E houve mais “dois enfins”, essenciais para tudo fazer sentido. O primeiro, a oportunidade, o momento de partilha com um público francês largamente ignorante sobre a História da Escravatura francesa e ainda mais das resistências que suscitou. O segundo a oportunidade de fazer pedagogia junto dos alunos dos liceus e colégios. Aproveitar ao máximo a ferramenta lúdica e sexy que o cinema se tornou para educar e mobilizar! O que é que aconteceu?
Há um silêncio nos media franceses sobre o assunto, como se de um filme maldito se tratasse, quando Bocquet o considera un film jalon! Um marco, importante, porque marca uma ruptura na representação da escravatura no cinema francês. Em números, Ni Chaines Ni Maîtres trata-se do segundo filme sobre escravatura em 20 anos. Entre 2004 e 2023, a França produziu 4,161 filmes, sendo de 2011 a comédia Case Départ, sobre o mesmo tema, a escravatura!

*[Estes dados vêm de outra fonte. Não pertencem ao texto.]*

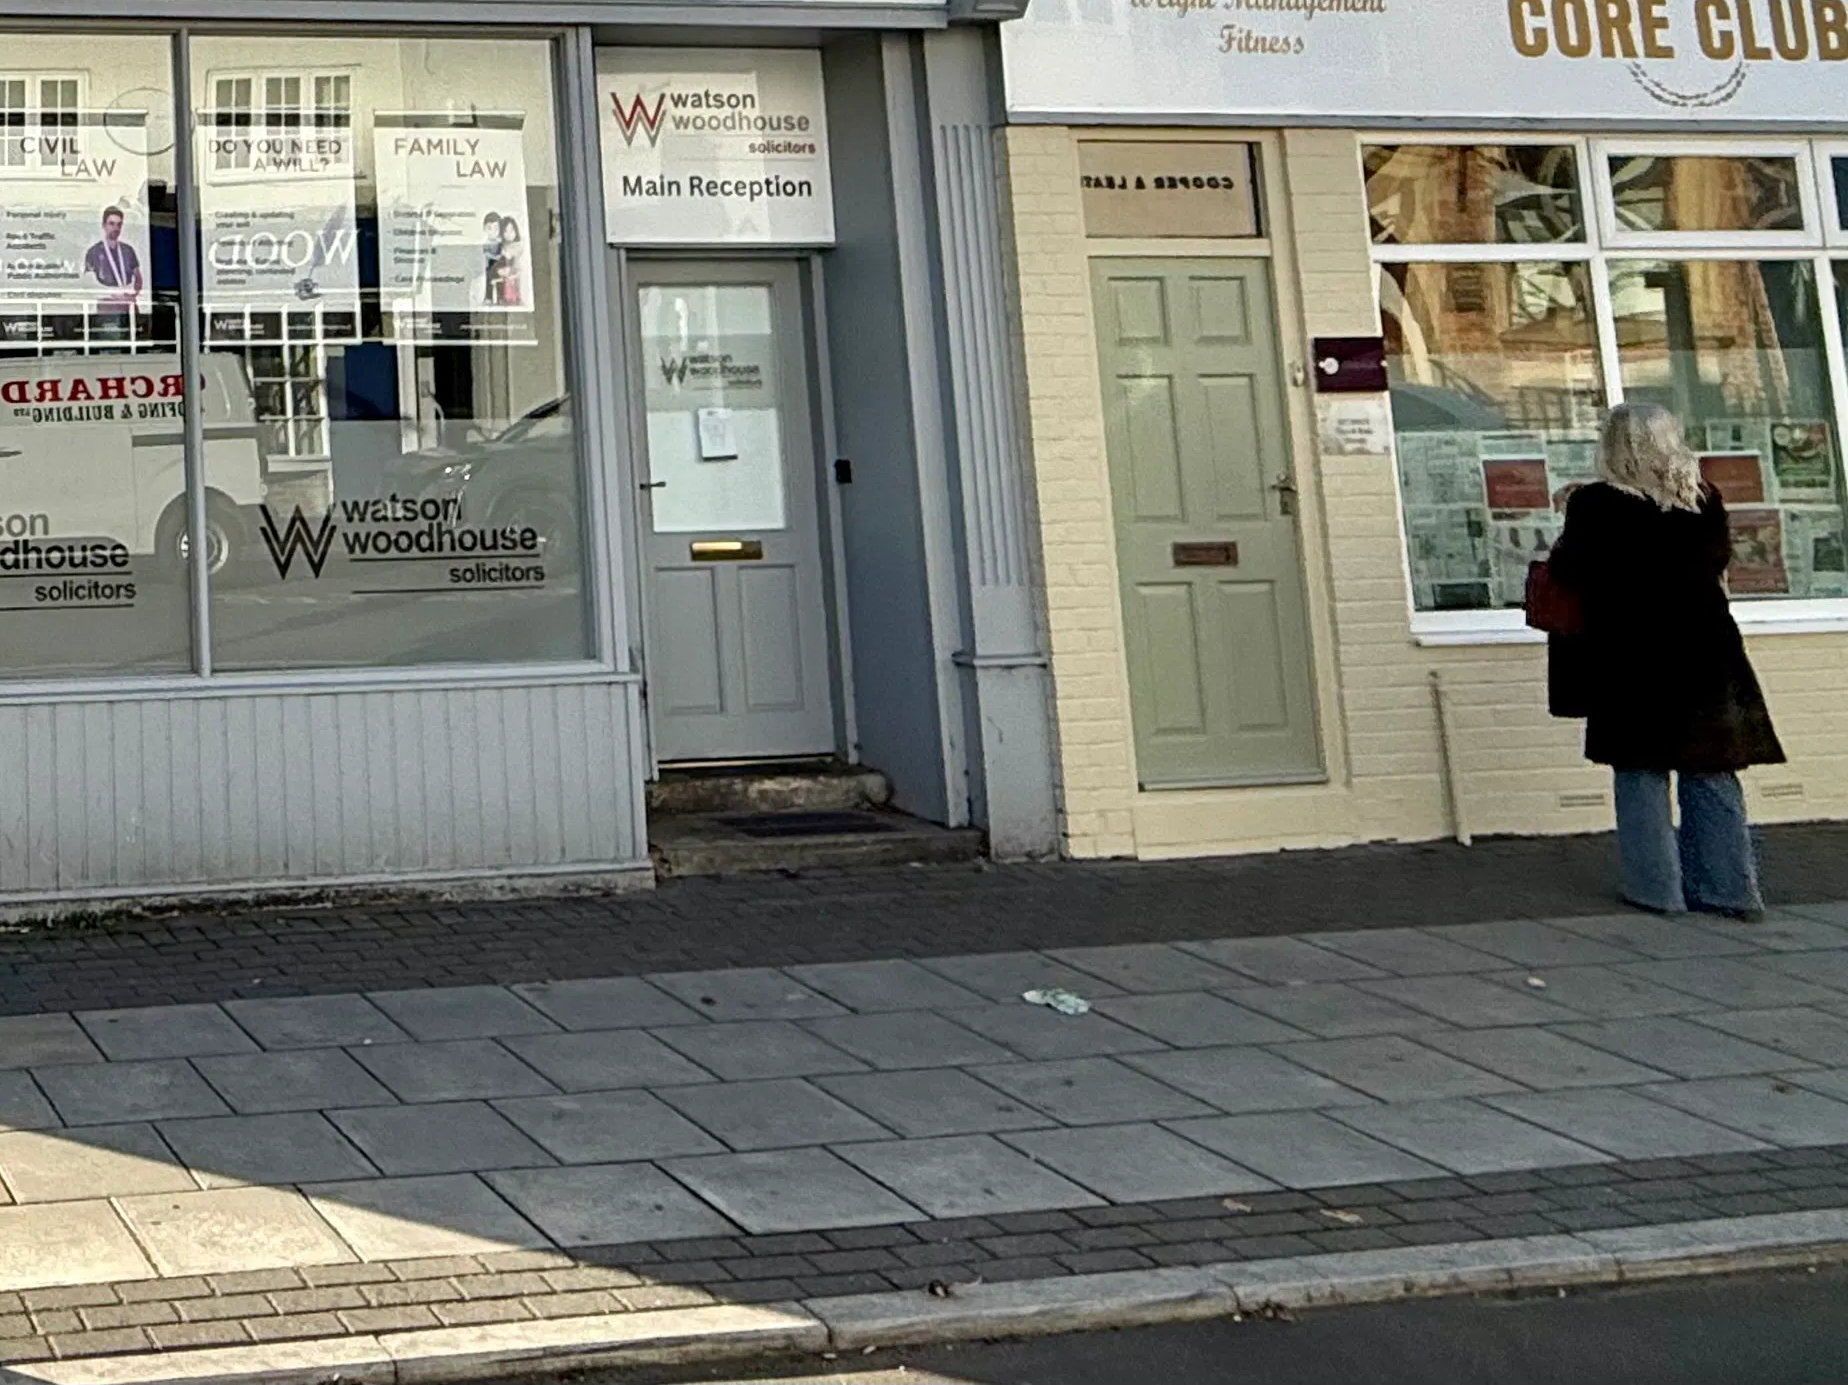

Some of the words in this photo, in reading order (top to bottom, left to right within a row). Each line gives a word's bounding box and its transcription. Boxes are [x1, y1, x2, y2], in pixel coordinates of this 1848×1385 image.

No mesmo período e sobre o mesmo tema, a América produziu Django Unchained (2012), Lincoln (2012), Twelve Years a Slave (2013), Birth of a Nation (2016) e ainda The Woman King (2022).

O poder do cinema americano é este, fala pelos outros e convenceu os franceses que o assunto ia. Não foi, pois tudo muda quando o vilão somos nós. O mesmo se passa em Portugal relativamente ao Museu da Escravatura. Já agora, em que ponto está isso? Está a ver, parece que a seguir ao debate se abate um nevoeiro sobre o assunto e ficamos com a sensação que a coisa já foi, enquanto a esquecemos. E em 20 anos teremos um filme ofensivo que nos remeterá para o debate démodé que achámos já ter feito há 50!

E quanto aos “francíus” achava-vos mais à frente, mais resolvidos, mais maduros, mas talvez ainda aguardem uma verdade sobre si próprios, sem ser dita pelos outros!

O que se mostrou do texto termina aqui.